Vilaine se redressa et repris sa personnalité enjouée.

"Mesdames et Messieurs, je m’excuse pour la triste et étrange performance de Mr Jerry, mais heureusement cela ne va avoir aucun effet sur l’incroyable étalage de magie auquel vous allez assister : Le Cuiseur à Caramel Humain plus Plein que Plein !"

Suzie et Mr Nouilles attrapèrent Jeremy et le placèrent dans une sorte de harnais élastique, et enfoncèrent un entonnoir et un tube jusqu’à son estomac. Susie sauta en haut du harnais pour attraper l’entonnoir et le montrer à tout le monde. Un machiniste entra sur la piste en tirant derrière lui un énorme réservoir rempli de sucre.

Avec quelques mots magiques absolument vides de sens et de grands gestes dramatiques, Vilaine fit s’envoler tout le sucre dans les airs et commença à le faire tournoyer autour de son doigt comme un vortex. Le sucre pris la forme de plusieurs animaux exotiques, des éléphants, des zèbres, des tigres et leurs semblables, faisant la course autour de la piste en paradant tandis que Vilaine faisait claquer un fouet en sucre pour les encourager à continuer.

Un par un ils plongèrent dans l’entonnoir pour aller se faire cuire dans l’estomac de Jeremy. Son estomac enfla, plein à craquer de sucre fondu brulant jusqu’au point où il était sûr qu’il allait craquer, mais il ne le fit pas. Alors que son estomac commença à s’étendre, ses cotes se brisèrent et sa colonne vertébrale fut horriblement déformée, mais pourtant tous les tissus souples de son corps semblaient avoir gagné une élasticité anormale leur permettant de s’étirer sur des distances horrifiques.

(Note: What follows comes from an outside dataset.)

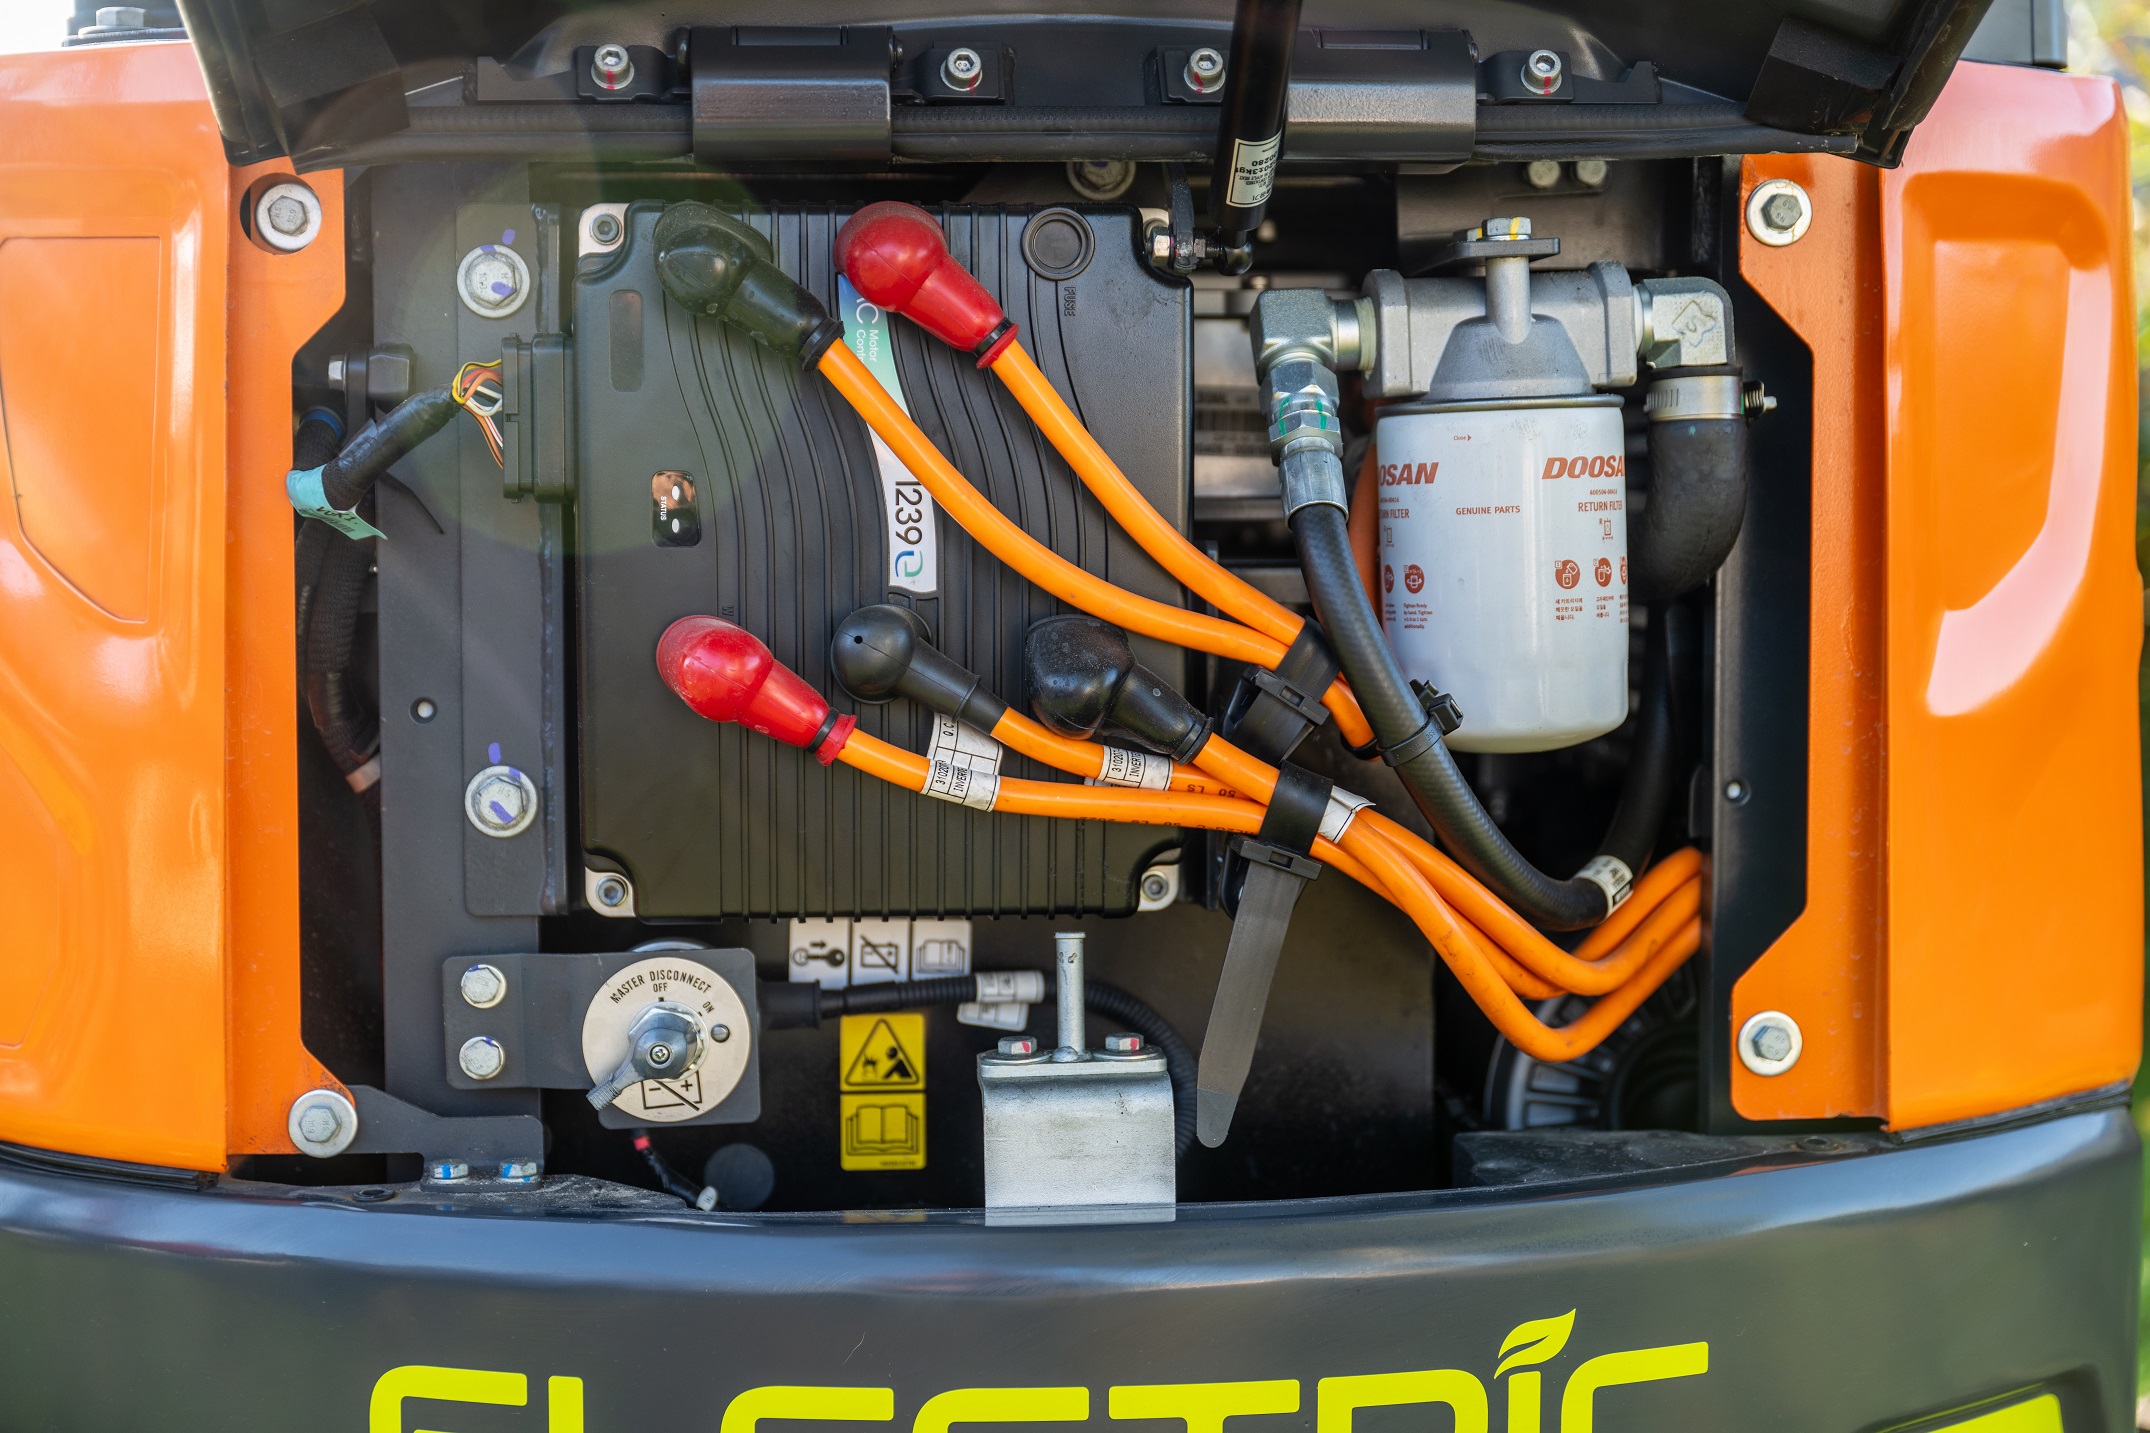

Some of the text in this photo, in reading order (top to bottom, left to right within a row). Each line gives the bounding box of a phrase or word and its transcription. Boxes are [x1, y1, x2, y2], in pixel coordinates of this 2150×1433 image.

Son torse continua de s’élargir jusqu’à ce qu’il soit si massif que ses jambes cédèrent sous lui. C’est à ce moment que le harnais le fit s’élever dans les airs jusqu’à environ trois mètres du sol. Il avait avalé tout le sucre et pourtant il continuait de grossir. Le harnais le fit tourner sur lui-même, de plus en plus vite tandis que Vilaine entrainait la foule dans une sorte de chant, mais il avait trop mal pour en avoir quelque chose à faire de ce qu’ils disaient.

Finalement, sa peau fut tendue. Elle ne pouvait plus s’étirer, et pourtant ce qu’il y avait en lui continuait de pousser vers l’extérieur. Il laissa échapper un dernier cri, puis explosa comme un ballon.

Des milliers et des milliers de caramels aux emballages multicolores se mirent à pleuvoir sur les spectateurs, dont la plupart applaudirent et ramassèrent avec avidité les bonbons tombés au sol. Seuls ceux qui n’avaient pas été affectés par la musique du calliope semblaient confus, n’étant pas certains de ce à quoi ils venaient d’assister.

Tandis que les légers bonbons avaient volé dans tout le Grand Chapiteau, les viscères, plus lourds, avaient principalement atterri sur les premières rangées. Assis dans la zone d’éclaboussures, entre autres, se trouvait le visiteur VIP Victor Chan.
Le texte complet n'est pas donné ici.